- **ACTIVITY**:
Each record is to be copied exactly, with its pictures left behind.
****
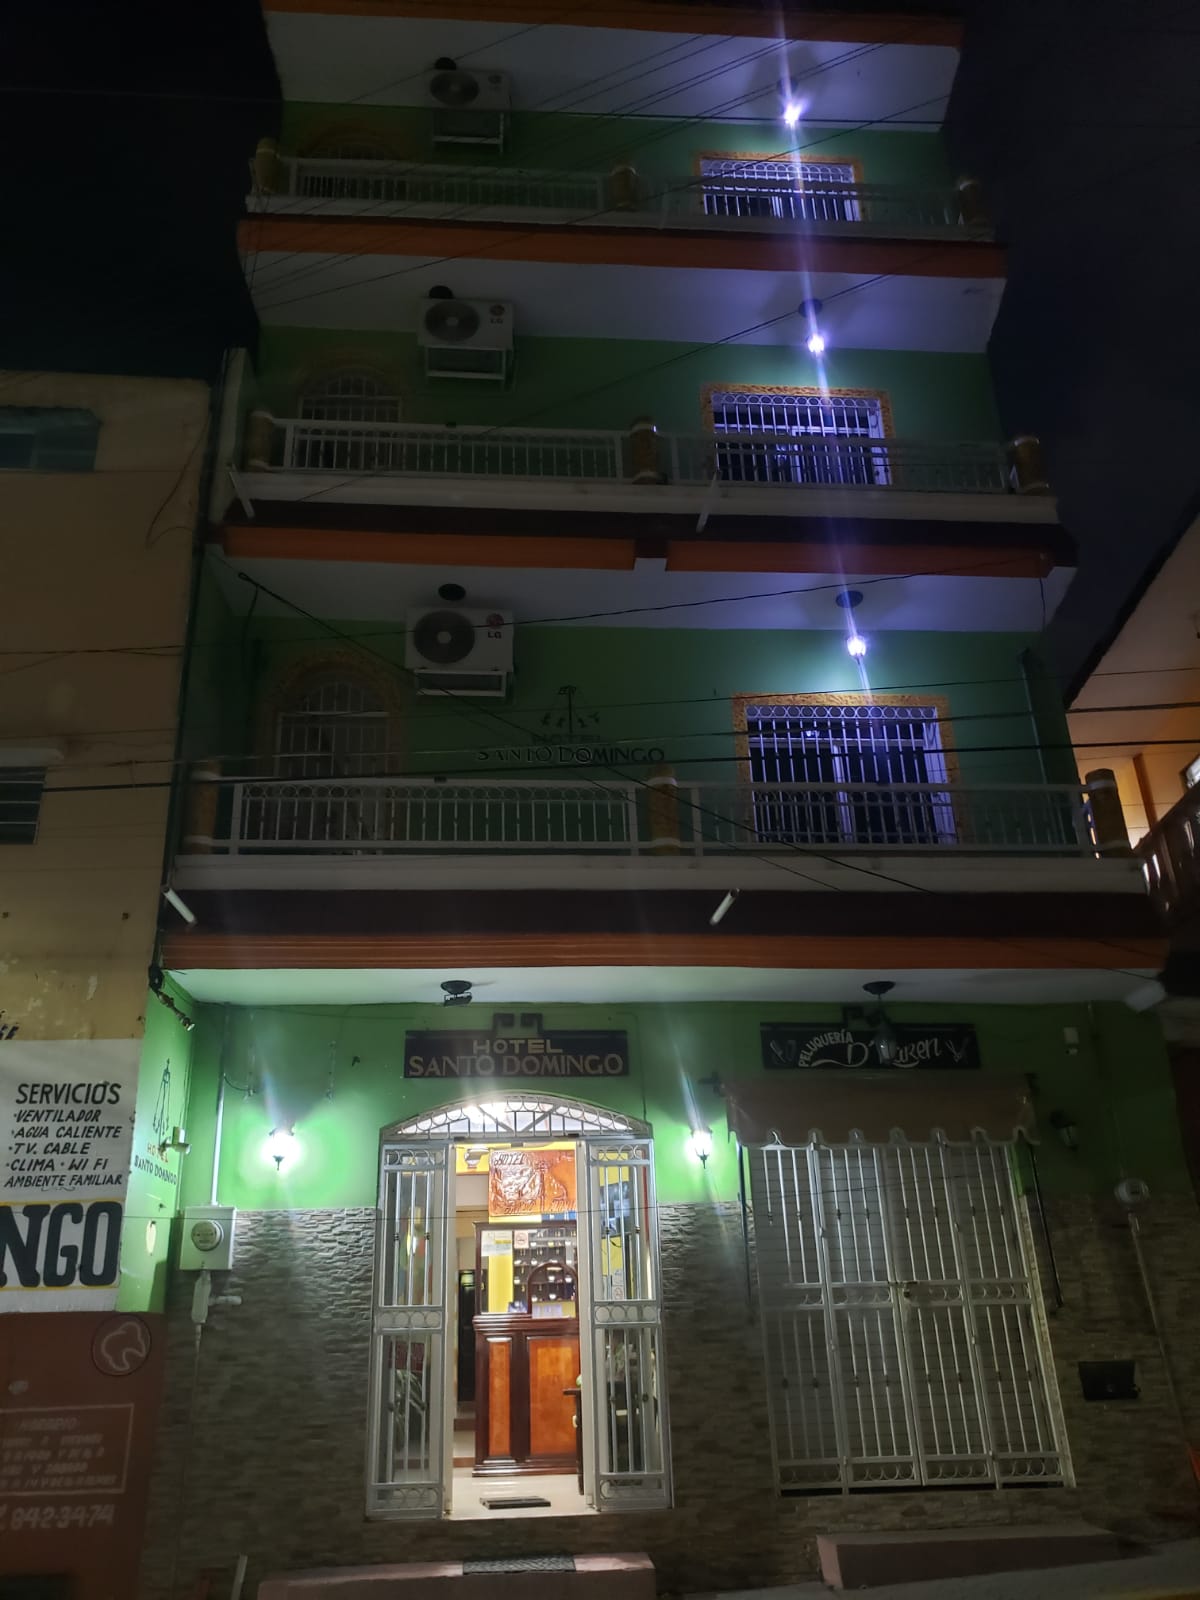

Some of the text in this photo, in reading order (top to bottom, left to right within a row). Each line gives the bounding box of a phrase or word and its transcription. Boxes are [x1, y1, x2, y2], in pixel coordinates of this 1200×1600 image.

[487, 631, 502, 639] LG
[478, 746, 665, 764] SANTO DOMINGO
[472, 1039, 563, 1054] HOTEL
[408, 1053, 624, 1077] SANTO DOMINGO
[16, 1109, 102, 1122] VENTILADOR
[14, 1126, 122, 1138] AGUA CALIENTE
[43, 1142, 91, 1155] CABLE
[10, 1158, 55, 1172] CLIMA
[134, 1154, 154, 1174] SANTO
[4, 1174, 123, 1188] AMBIENTE FAMILIAR
****
- **OUTPUT OF THE EXERCISE**:
Some of the text in this photo, in reading order (top to bottom, left to right within a row). Each line gives the bounding box of a phrase or word and its transcription. Boxes are [x1, y1, x2, y2], in pixel coordinates of this 1200×1600 image.

[487, 631, 502, 639] LG
[478, 746, 665, 764] SANTO DOMINGO
[472, 1039, 563, 1054] HOTEL
[408, 1053, 624, 1077] SANTO DOMINGO
[16, 1109, 102, 1122] VENTILADOR
[14, 1126, 122, 1138] AGUA CALIENTE
[43, 1142, 91, 1155] CABLE
[10, 1158, 55, 1172] CLIMA
[134, 1154, 154, 1174] SANTO
[4, 1174, 123, 1188] AMBIENTE FAMILIAR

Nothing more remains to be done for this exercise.